[Records excerpted from a collection]
..............................

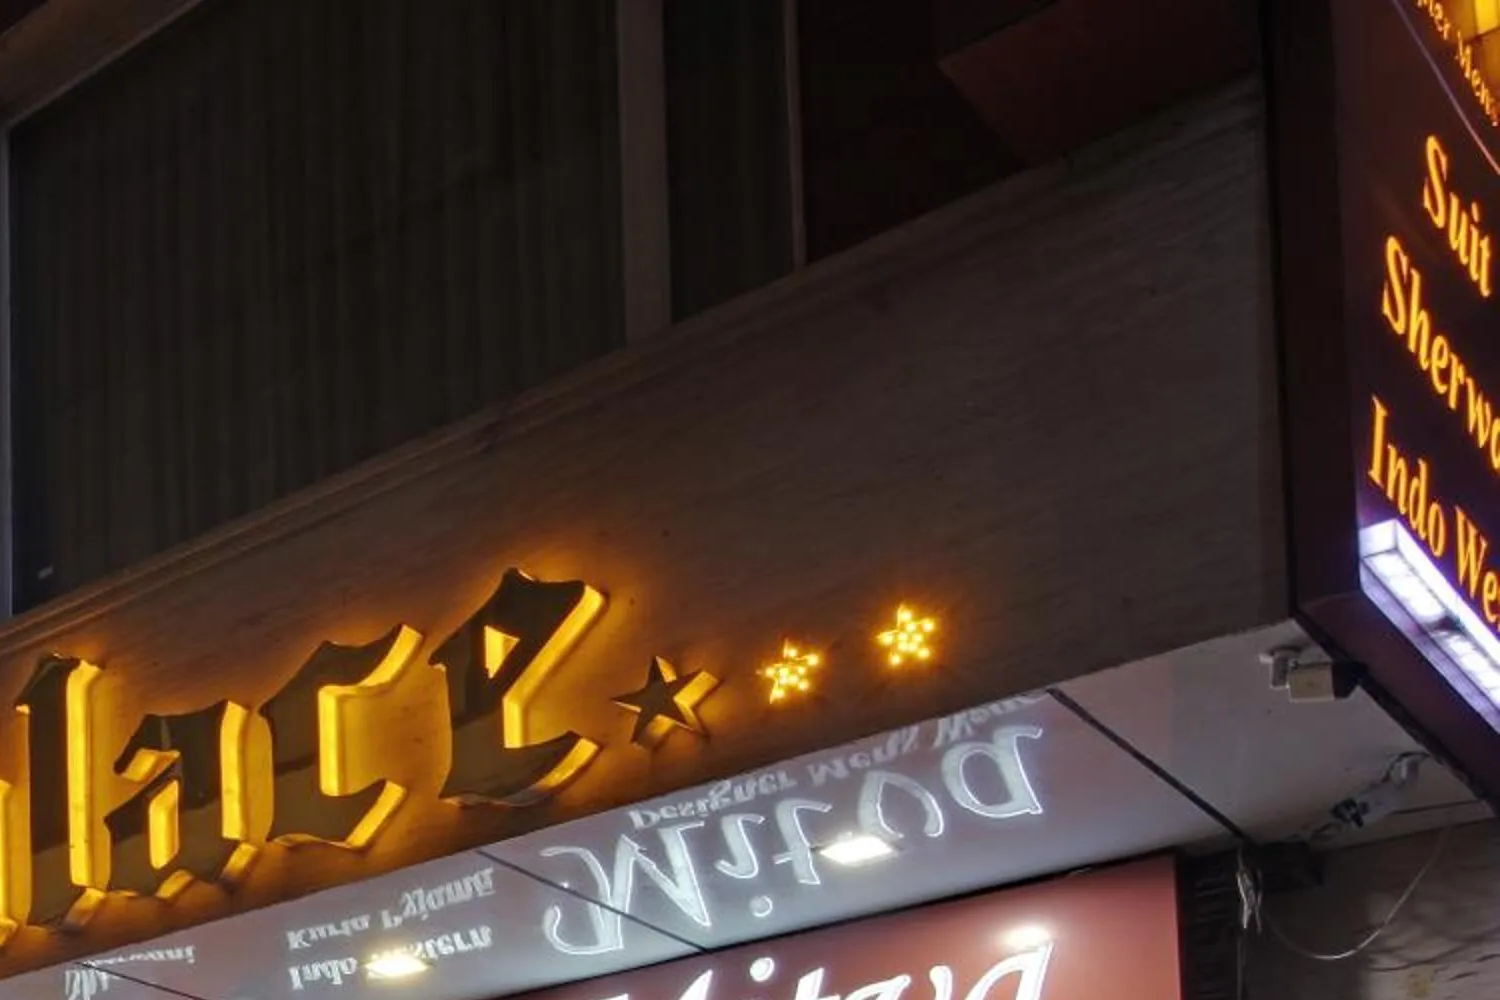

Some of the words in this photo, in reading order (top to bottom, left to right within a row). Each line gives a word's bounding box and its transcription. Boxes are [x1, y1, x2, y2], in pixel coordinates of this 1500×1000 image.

[1423, 134, 1492, 298] Suit
[1367, 393, 1446, 558] Indo
[1454, 504, 1500, 636] We
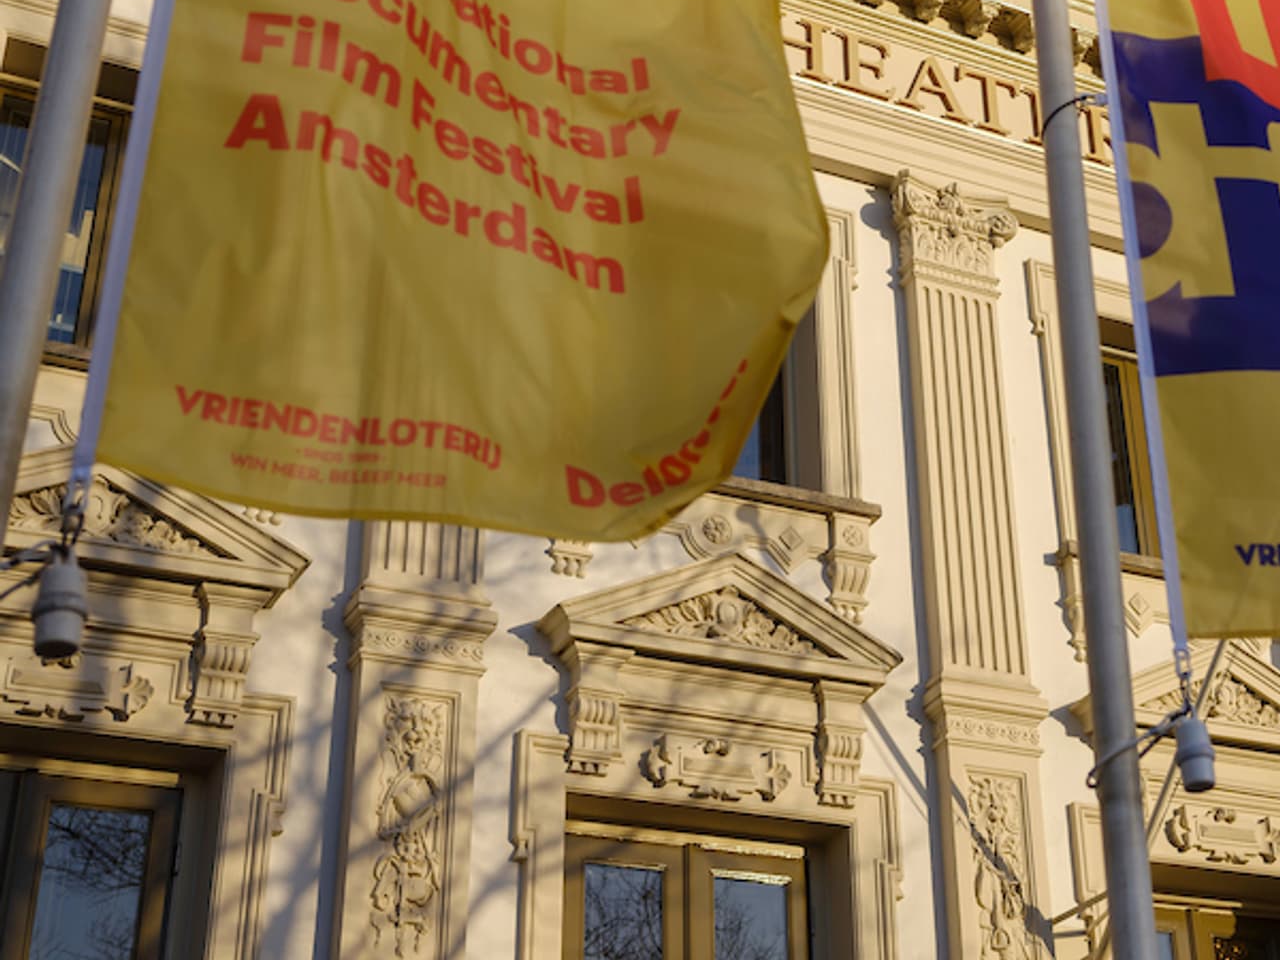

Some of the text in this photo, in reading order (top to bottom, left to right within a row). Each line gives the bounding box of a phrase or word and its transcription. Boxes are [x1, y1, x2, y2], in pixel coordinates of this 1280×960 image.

[223, 93, 627, 294] Amsterdam
[241, 11, 645, 225] Film Festival
[175, 384, 503, 470] VRIENDENLOTERIJ
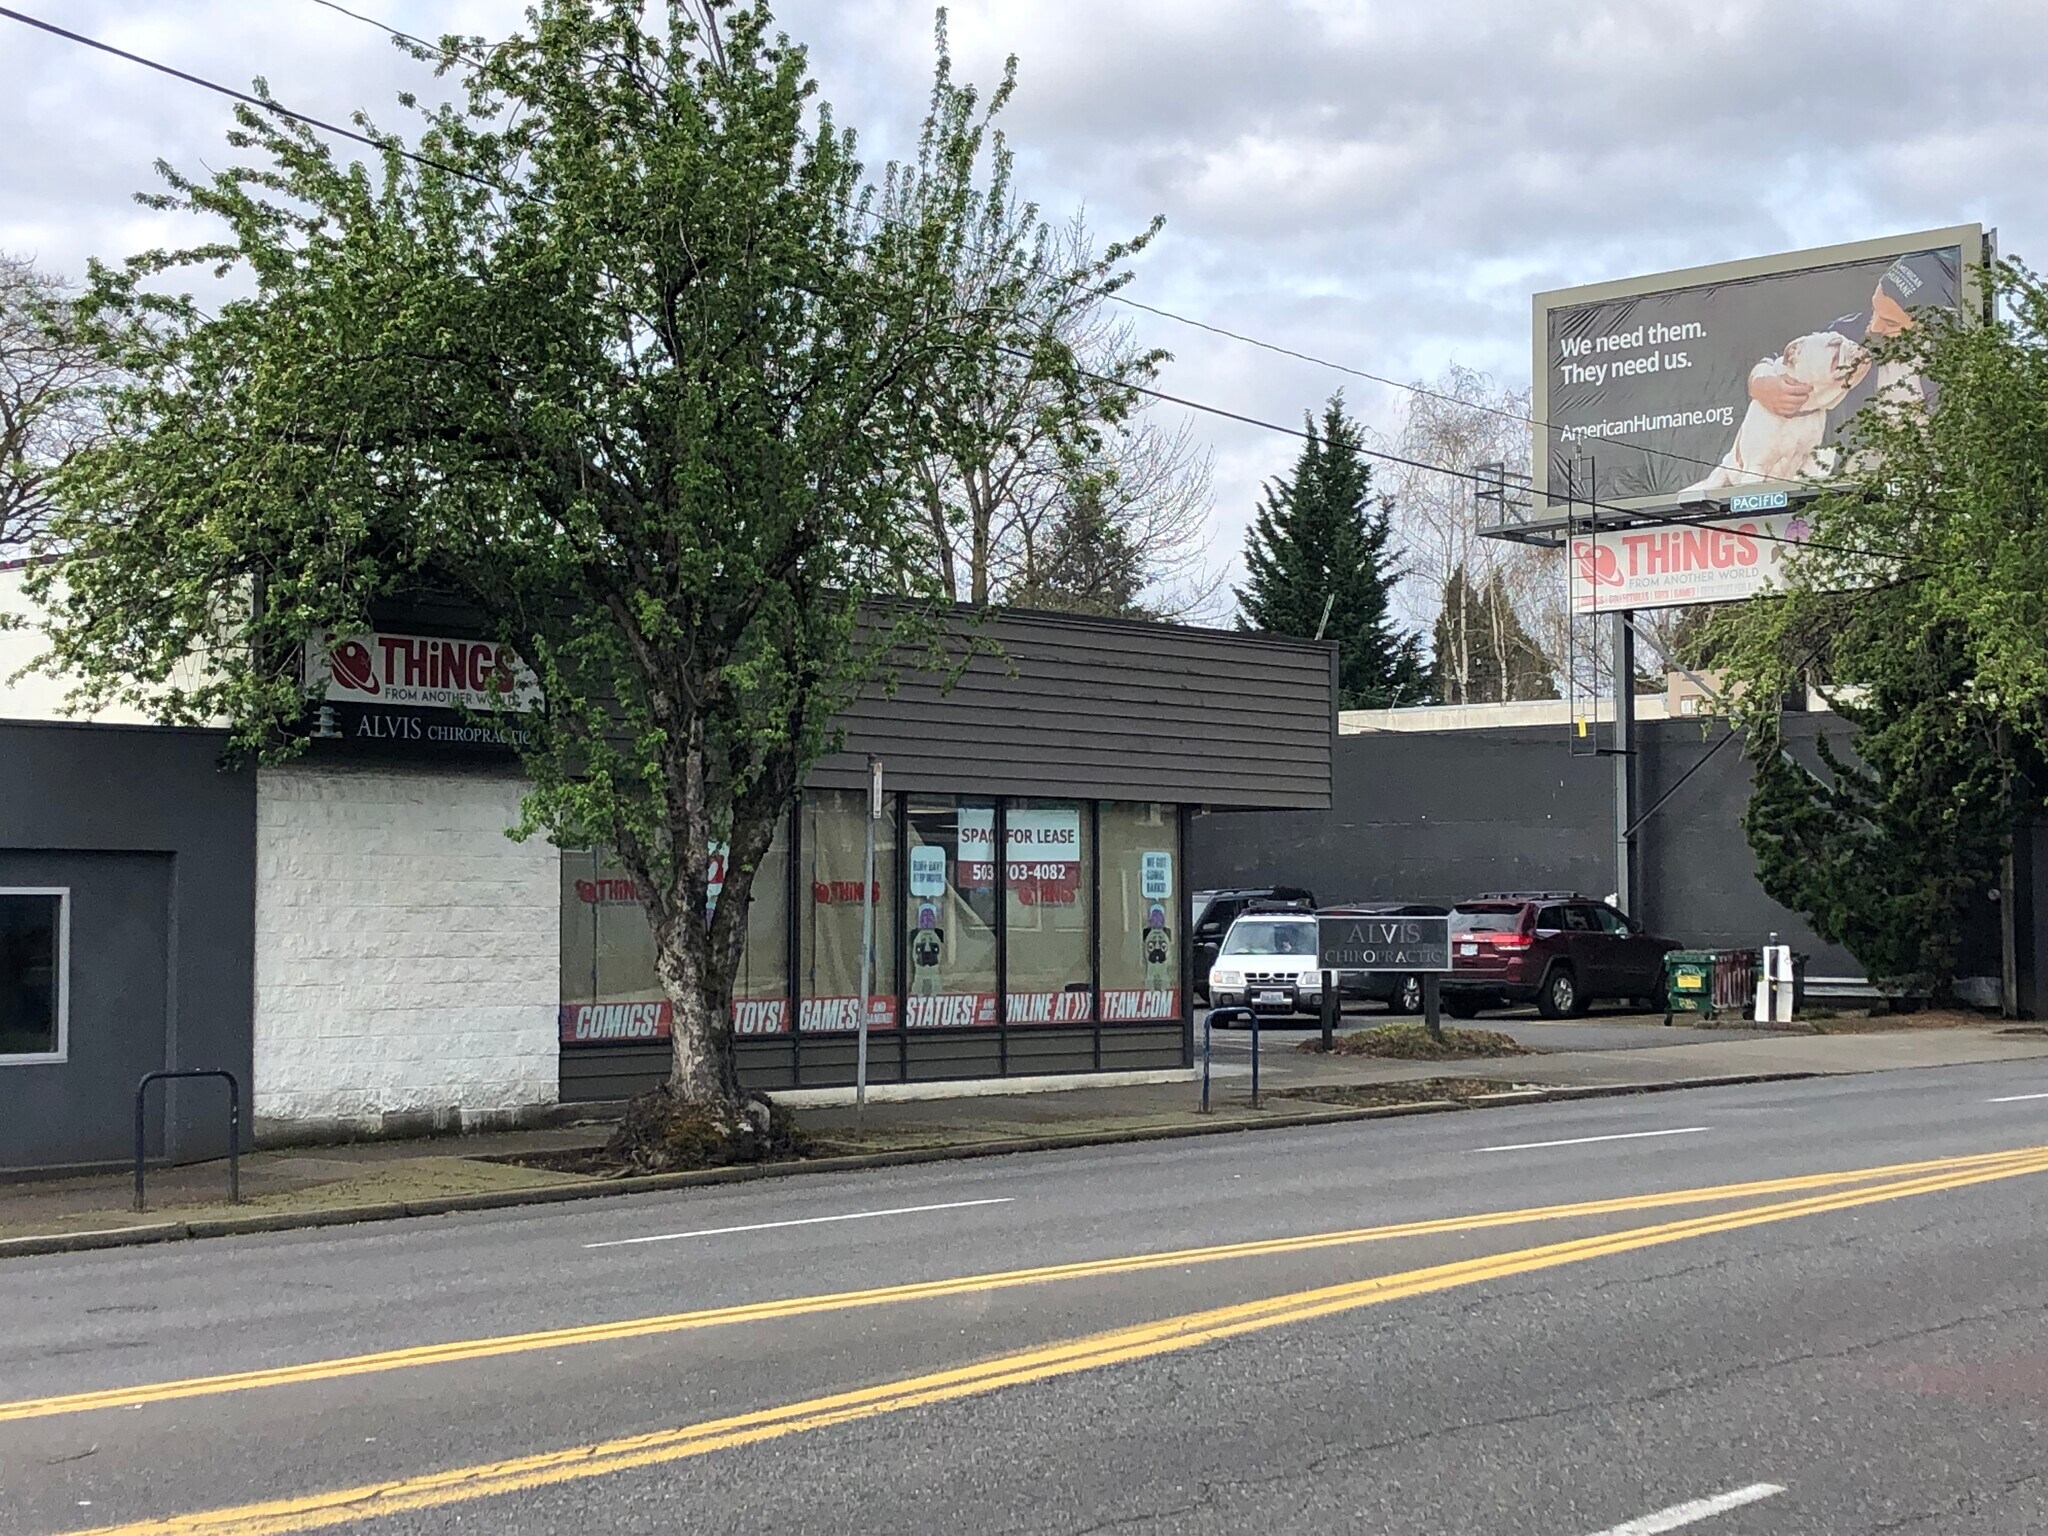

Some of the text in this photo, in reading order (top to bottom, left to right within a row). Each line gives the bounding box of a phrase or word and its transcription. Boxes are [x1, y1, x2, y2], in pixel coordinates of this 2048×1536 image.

[1887, 271, 1913, 298] HUMANE
[1561, 322, 1707, 358] We need them.
[1561, 351, 1693, 386] They need us.
[1560, 406, 1734, 442] AmericanHumane.org
[1629, 567, 1759, 589] FROM ANOTHER WORLD
[385, 689, 417, 701] FROM
[421, 691, 473, 705] ANOTHER
[356, 714, 422, 740] ALVIS
[1006, 829, 1033, 844] FOR
[1037, 829, 1075, 844] LEASE
[1346, 923, 1421, 944] ALVIS
[1325, 950, 1442, 963] CHIROPRACTIC
[734, 1000, 785, 1034] TOYS!
[799, 998, 861, 1031] GAMES!
[906, 995, 978, 1027] STATUES!
[1006, 993, 1053, 1023] ONLINE
[1054, 992, 1073, 1020] AT
[1103, 991, 1174, 1019] TFAW.COM
[576, 1003, 662, 1039] COMICS!
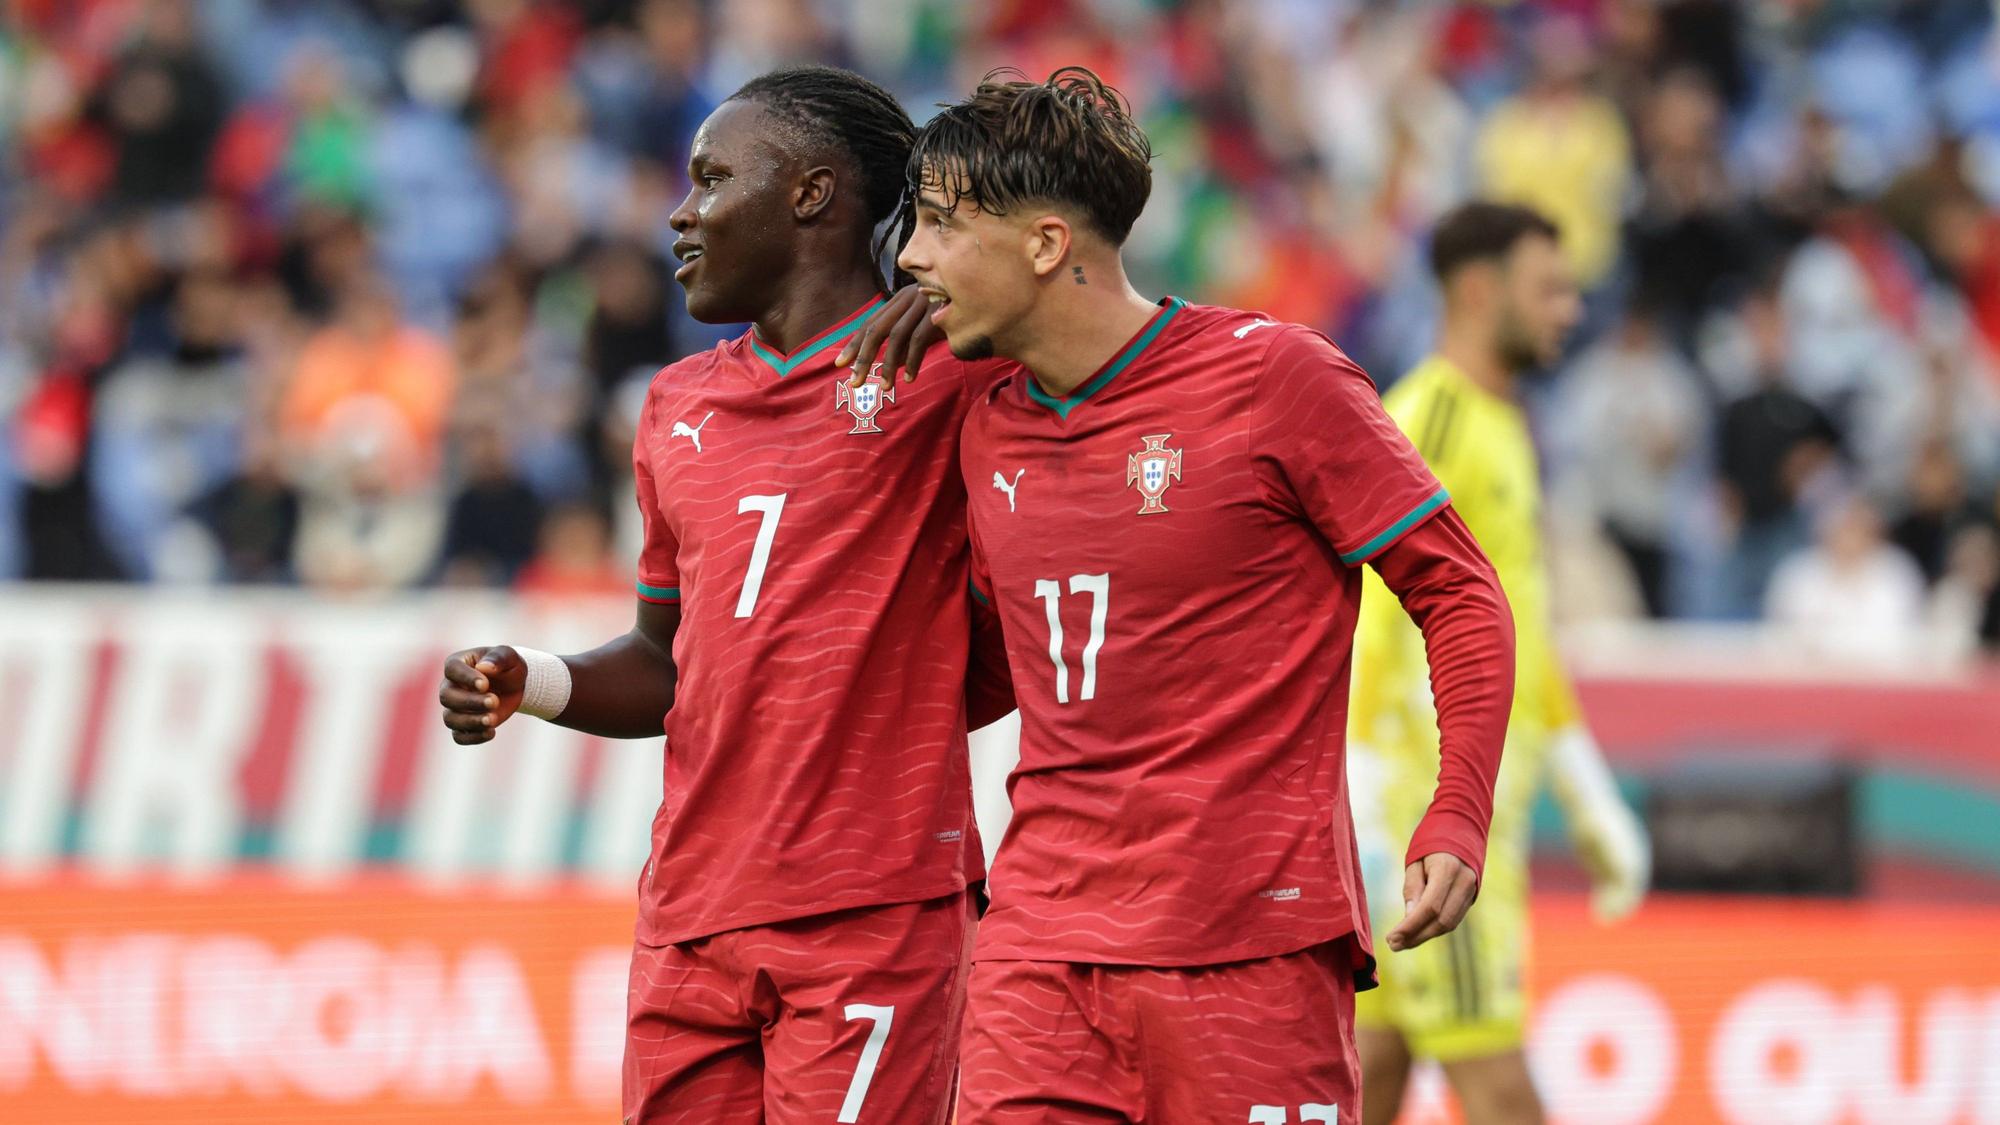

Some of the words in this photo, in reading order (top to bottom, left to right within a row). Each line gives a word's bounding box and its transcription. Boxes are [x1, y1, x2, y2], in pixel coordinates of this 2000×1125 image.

[735, 493, 787, 619] 7
[1035, 573, 1110, 704] 17
[837, 1004, 895, 1124] 7

..............................

> _TASK REQUIREMENTS_
From the line that contains "this 2000×1125 image." through the end of the records above, print every line exactly and nothing else.

> _PROBLEM SOLUTION_
Some of the words in this photo, in reading order (top to bottom, left to right within a row). Each line gives a word's bounding box and its transcription. Boxes are [x1, y1, x2, y2], in pixel coordinates of this 2000×1125 image.

[735, 493, 787, 619] 7
[1035, 573, 1110, 704] 17
[837, 1004, 895, 1124] 7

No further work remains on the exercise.